Senado aprova criação de cadastro para condenados por violência contra mulher
O Senado aprovou um projeto de lei que institui o Cadastro Nacional de Pessoas Condenadas por Violência contra a Mulher, agora aguardando sanção presidencial.

Na última terça-feira, dia 28 de novembro, o Senado Federal deu um importante passo na luta contra a violência de gênero ao aprovar o projeto de Lei que cria o Cadastro Nacional de Pessoas Condenadas por Violência contra a Mulher (CNVM). Essa proposta agora seguirá para a sanção do presidente Luiz Inácio Lula da Silva.
O projeto estabelece a criação de um banco de dados que reunirá informações sobre indivíduos que foram condenados de forma definitiva por crimes como feminicídio, estupro, assédio, lesão corporal, perseguição e violência psicológica. A responsabilidade pela gestão dessas informações ficará a cargo da União, que compartilhará os dados com órgãos de segurança pública em níveis federal, estadual e do Distrito Federal.

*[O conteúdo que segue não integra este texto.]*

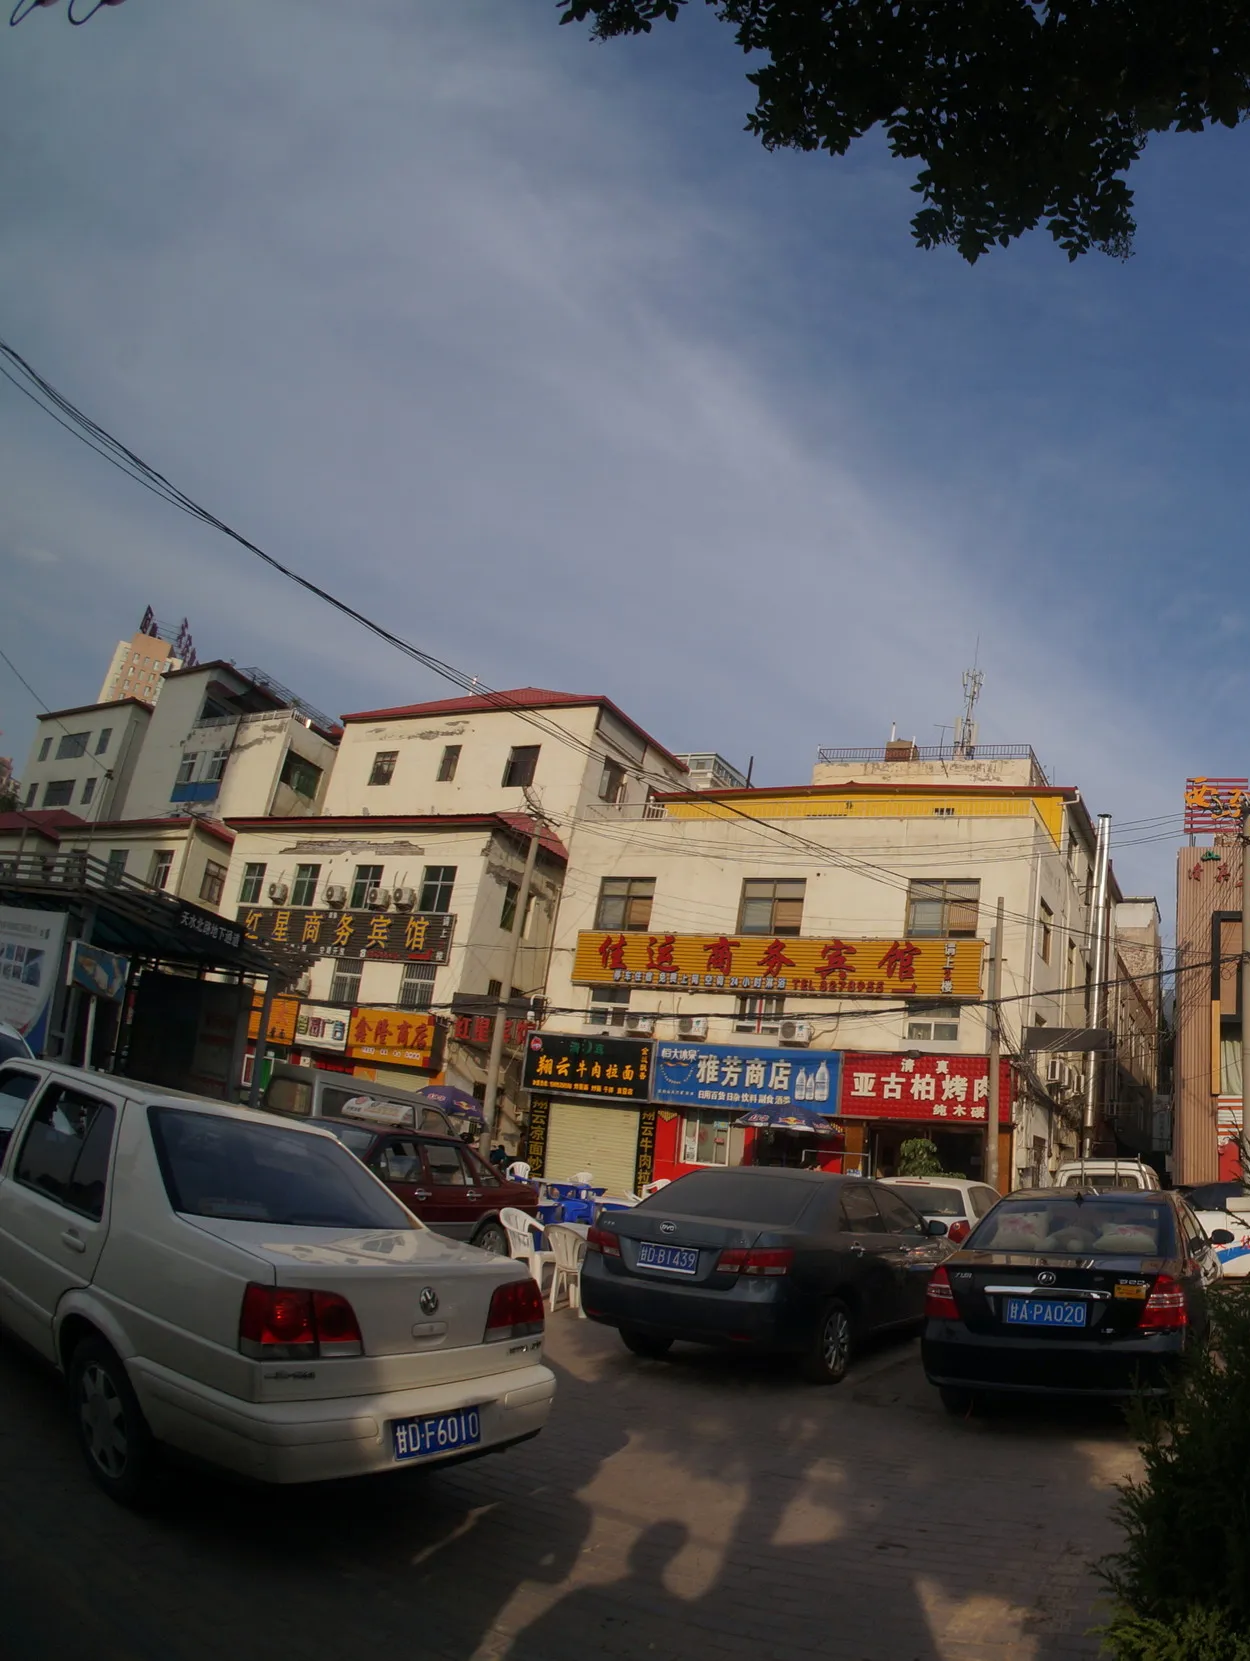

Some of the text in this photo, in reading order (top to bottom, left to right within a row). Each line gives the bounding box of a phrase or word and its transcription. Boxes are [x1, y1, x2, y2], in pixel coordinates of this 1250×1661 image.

[244, 909, 430, 950] 红星商务宾馆
[598, 933, 922, 981] 佳运商务宾馆
[792, 979, 815, 991] TEL
[536, 1055, 635, 1081] 翔云牛肉拉面
[696, 1054, 792, 1091] 雅芳商店
[901, 1058, 949, 1075] 清真
[697, 1090, 726, 1101] 日用百货
[741, 1093, 758, 1104] 饮料
[758, 1094, 774, 1105] 副食
[850, 1072, 990, 1102] 亚古柏烤肉
[932, 1104, 985, 1119] 纯木碳
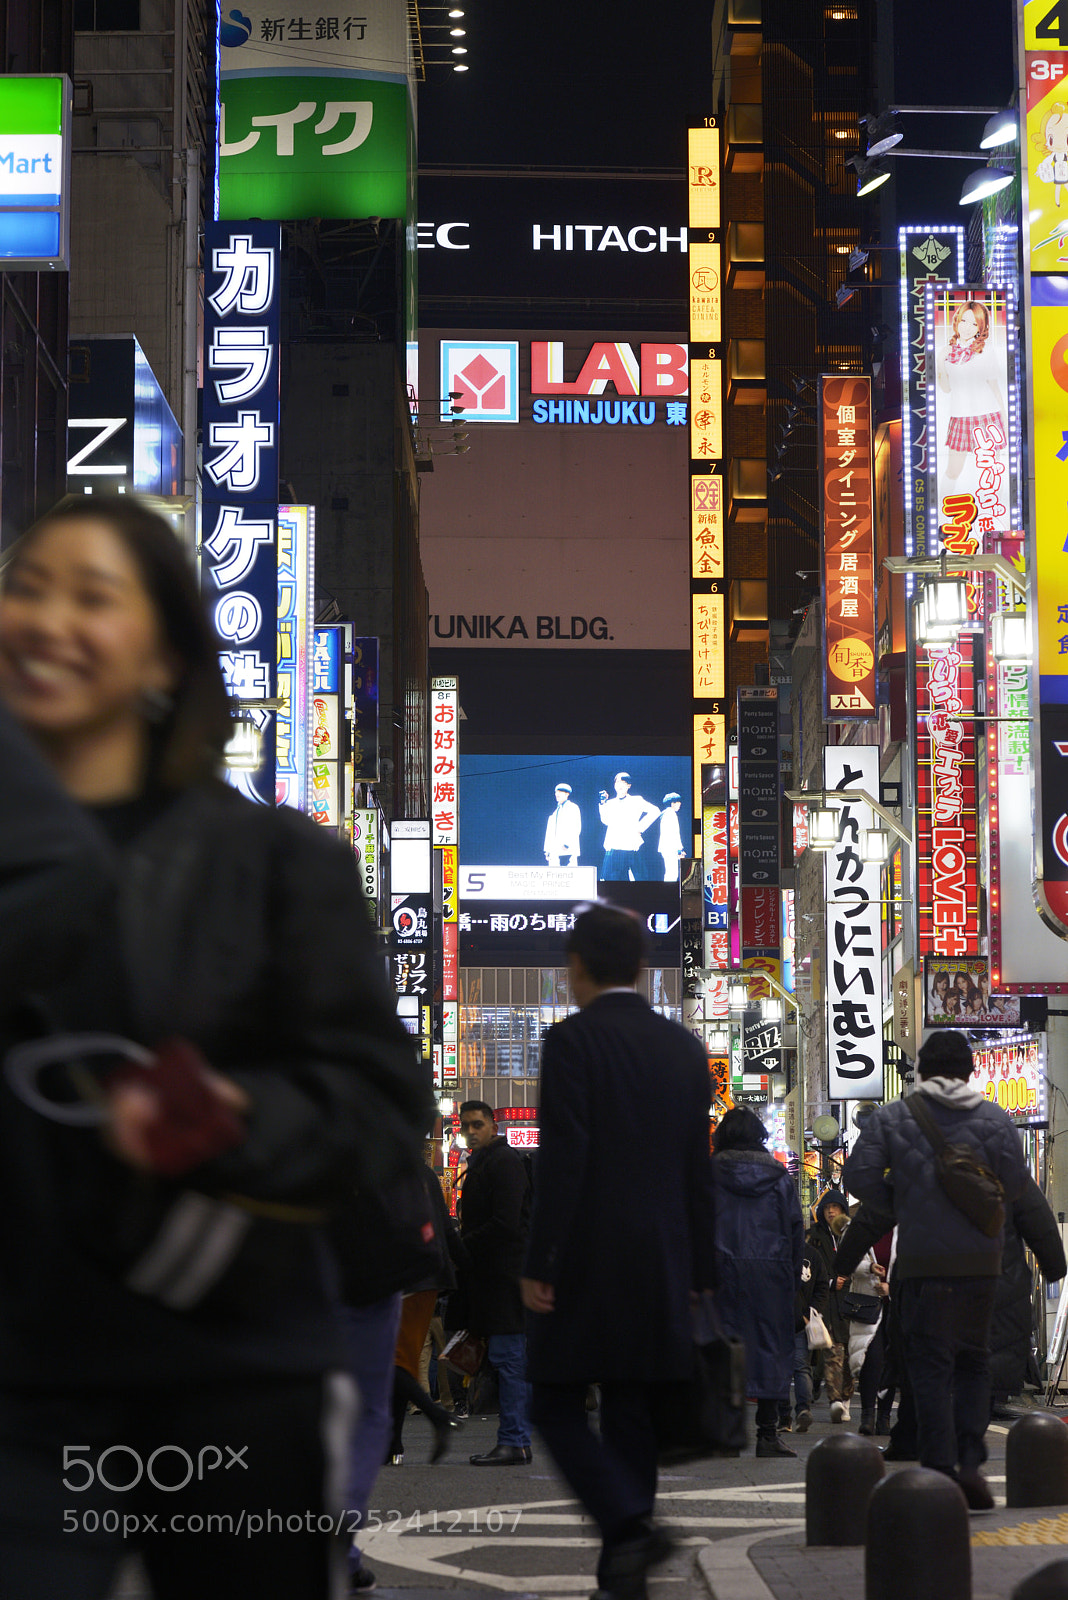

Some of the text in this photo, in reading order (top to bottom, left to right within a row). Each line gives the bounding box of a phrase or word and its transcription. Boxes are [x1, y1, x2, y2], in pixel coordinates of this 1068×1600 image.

[260, 16, 368, 41] 新生銀行
[1031, 60, 1064, 80] 3F
[220, 101, 373, 156] レイク
[703, 117, 716, 128] 10
[532, 224, 688, 252] HITACH
[708, 232, 715, 242] 9
[709, 349, 716, 359] 8
[532, 400, 688, 425] SHINJUKU 東
[709, 464, 717, 474] 7
[206, 234, 276, 806] カラオケの鉄
[836, 404, 859, 617] 個室ダイニング居酒屋
[695, 527, 721, 574] 魚金
[711, 583, 718, 593] 6
[536, 616, 614, 641] BLDG.
[697, 605, 713, 687] ちびすけバル
[713, 703, 720, 714] 5
[834, 695, 861, 709] 入口
[434, 703, 455, 831] お好み焼き
[510, 1130, 540, 1146] 歌舞

Dentre as informações que serão coletadas no cadastro estão o nome, dados de documentos pessoais, filiação, fotografia, impressões digitais, endereço e o crime cometido. É importante ressaltar que a identidade das vítimas será mantida em sigilo, garantindo a proteção e a privacidade delas.

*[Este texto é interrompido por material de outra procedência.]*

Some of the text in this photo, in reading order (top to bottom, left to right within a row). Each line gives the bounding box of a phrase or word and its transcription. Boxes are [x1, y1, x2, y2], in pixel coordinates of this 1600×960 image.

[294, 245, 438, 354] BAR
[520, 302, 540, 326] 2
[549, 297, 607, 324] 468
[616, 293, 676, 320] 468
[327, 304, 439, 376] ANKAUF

A proposta é de autoria da deputada Silvye Alves, do União-GO, e já havia sido aprovada nas comissões de Direitos Humanos (CDH) e de Constituição e Justiça (CCJ). A senadora Augusta Brito, do PT-CE e relatora do projeto na CDH, destacou que, apesar das iniciativas já existentes para combater a violência contra as mulheres, os índices de criminalidade têm aumentado.
Em suas declarações, a senadora enfatizou que a criação do CNVM pode ter um caráter tanto sancionador quanto preventivo, auxiliando no combate a esse tipo de violência. “A perspectiva de ter seu nome incluído nesse cadastro pode ter efeito dissuasório sobre parte dos potenciais agressores. Isso trará algum alento às vítimas, que poderão ter um pouco mais de tranquilidade sabendo que seus agressores estarão sob maior vigilância”, destacou Augusta Brito.